WALLIAMS, David: “POLPETTE DI TOPO”, L’Ippocampo Ragazzi, Milano 2016, 314 p., € 14.

Erede di Rohal Dahl, persegue come lui l’obiettivo di appagare il desiderio dei bambini di provare estrema paura, di voler superare l’imbarazzo per persone repellenti e inquietanti, di placare quel timore di vivere situazioni critiche e trovare alla fine una positiva via d’uscita. Anche lui come il suo maestro attinge alla tradizione senechiana, tanto cara agli anglosassoni e su cui si è basata ampia letteratura d’oltre Manica, con successo e intelligenza. La trama di questa esilarante avventura vede protagonista la dodicenne Zoe, vittima di bullismo scolastico ad opera di Tina, tartassata dalla matrigna e afflitta per la perdita del posto di lavoro e soprattutto dell’autostima del suo papà.

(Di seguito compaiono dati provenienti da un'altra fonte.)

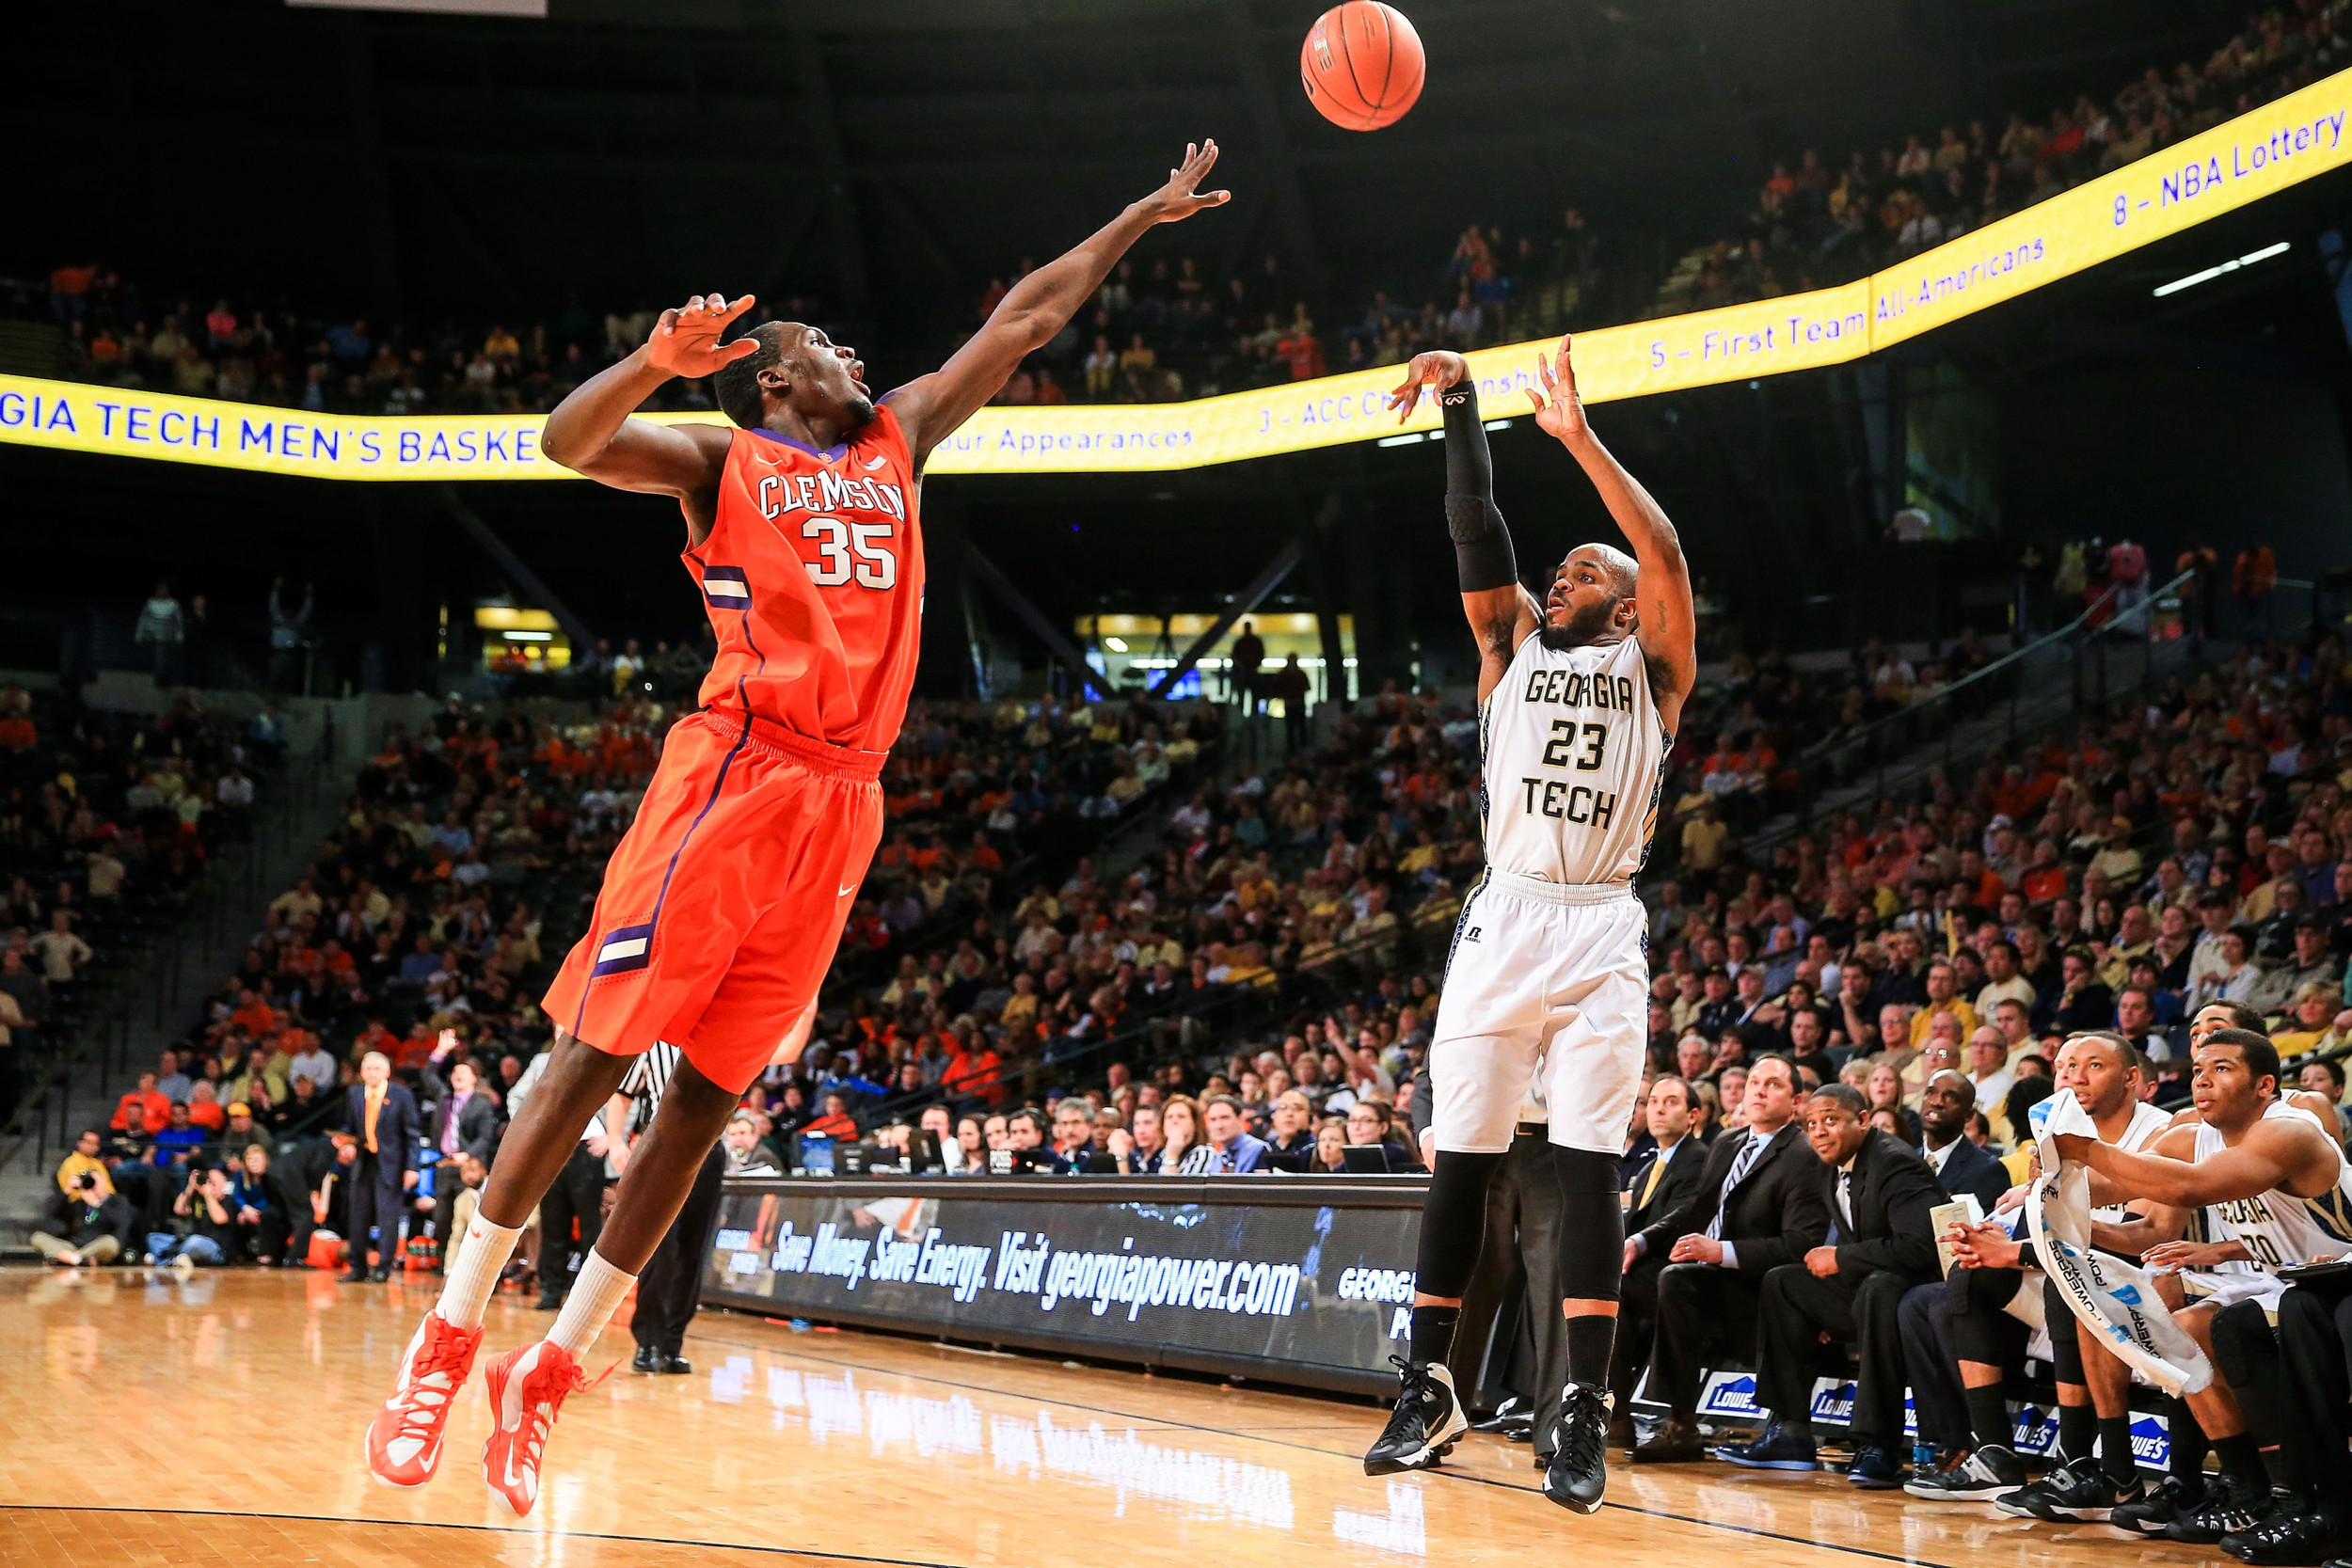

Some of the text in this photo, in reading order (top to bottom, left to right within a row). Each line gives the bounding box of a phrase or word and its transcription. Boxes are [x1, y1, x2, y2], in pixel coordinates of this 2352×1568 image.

[2114, 195, 2126, 226] 8
[2162, 155, 2223, 207] NBA
[2234, 110, 2345, 178] Lottery
[1650, 340, 1666, 369] 5
[1703, 325, 1774, 360] First
[1788, 310, 1866, 346] Team
[1875, 236, 2045, 322] All-Americans
[0, 391, 536, 463] GIA TECH MEN'S BASKE
[1259, 409, 1270, 434] 3
[1301, 395, 1353, 424] ACC
[998, 428, 1194, 458] Appearances
[758, 469, 906, 524] CLEMSON
[802, 517, 896, 590] 35
[1525, 669, 1633, 715] GEORGIA
[1541, 719, 1609, 773] 23
[1521, 777, 1616, 831] TECH
[771, 1220, 813, 1273] Save
[869, 1225, 920, 1283] Save
[914, 1227, 992, 1303] Energy.
[993, 1230, 1049, 1294] Visit
[1041, 1236, 1301, 1322] georgiapower.com
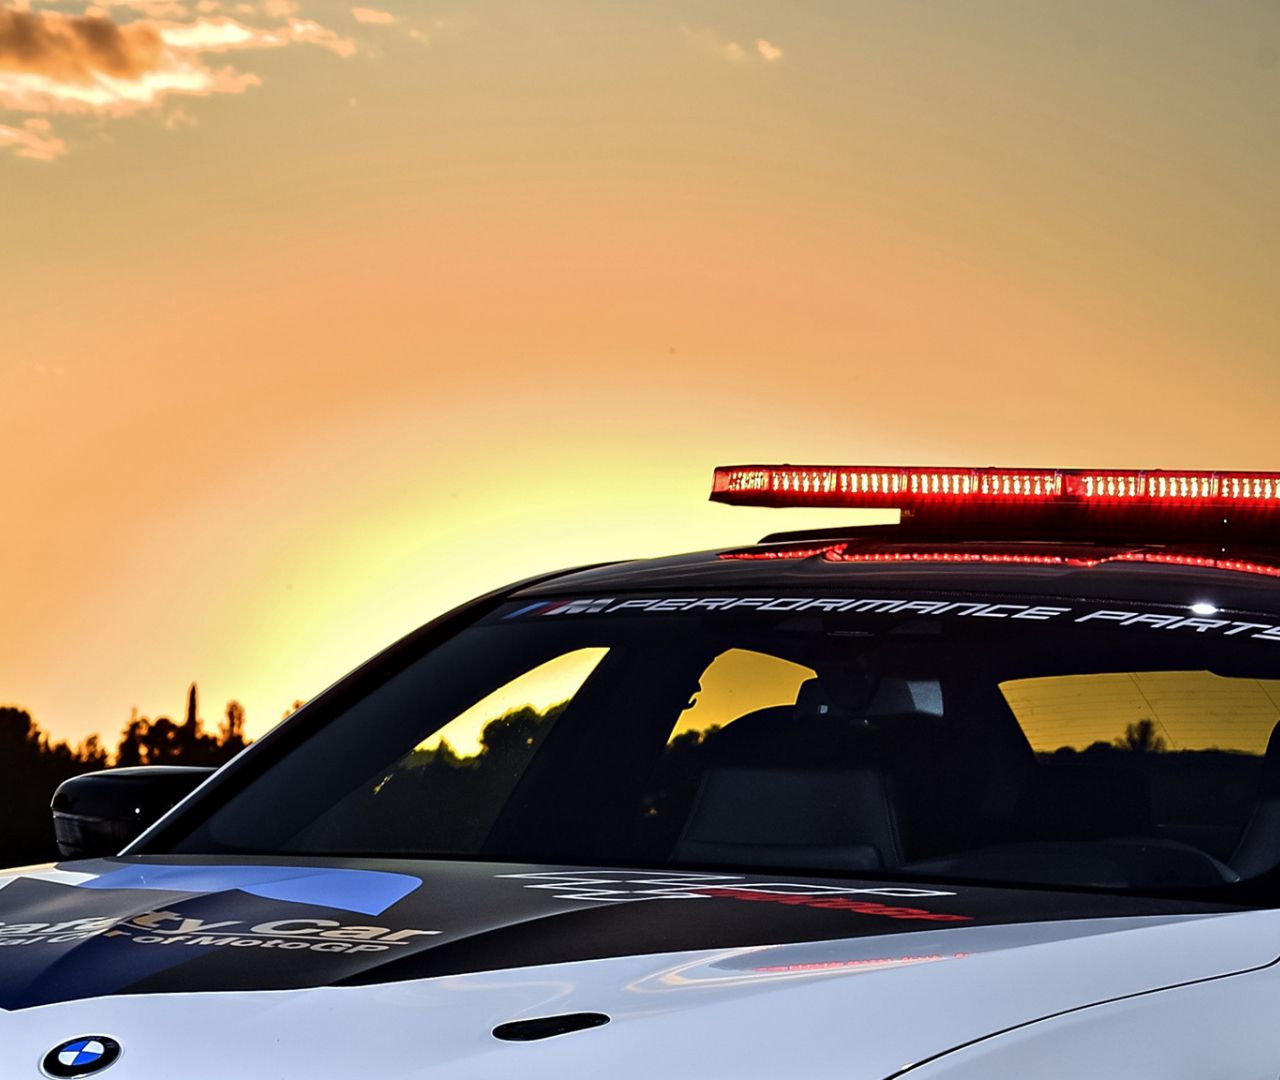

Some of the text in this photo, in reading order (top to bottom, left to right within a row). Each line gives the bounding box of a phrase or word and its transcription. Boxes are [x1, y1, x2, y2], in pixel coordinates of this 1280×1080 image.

[604, 597, 1072, 620] PERFORMANCE
[250, 918, 444, 941] Car
[187, 936, 391, 954] MotoGP

La storia si svolge principalmente all’interno dell’ambiente scolastico, altro setting molto consueto e di successo tra i lettori giovanissimi, in cui gli insegnanti sono tratteggiati con ironia e gli allievi con accenti nitidi che li rendono quasi vivi. Zoe investe il suo bisogno di amore in un rapporto preferenziale con un piccolo ratto, Armitage, che vorrebbe far diventare un’attrazione spettacolare con cui guadagnare successo e soldi. Le espressive illustrazioni di Tony Ross arricchiscono il dialogo con i lettori, attivato da Walliams anche con le domande dirette. Molte disavventure, imprevisti e incontri fortuiti ma non sempre fortunati condiscono questo libro adatto anche ad una lettura ad alta voce o alla drammatizzazione di alcuni episodi.

Genere: narrativa umoristica. Età: da 8 anni.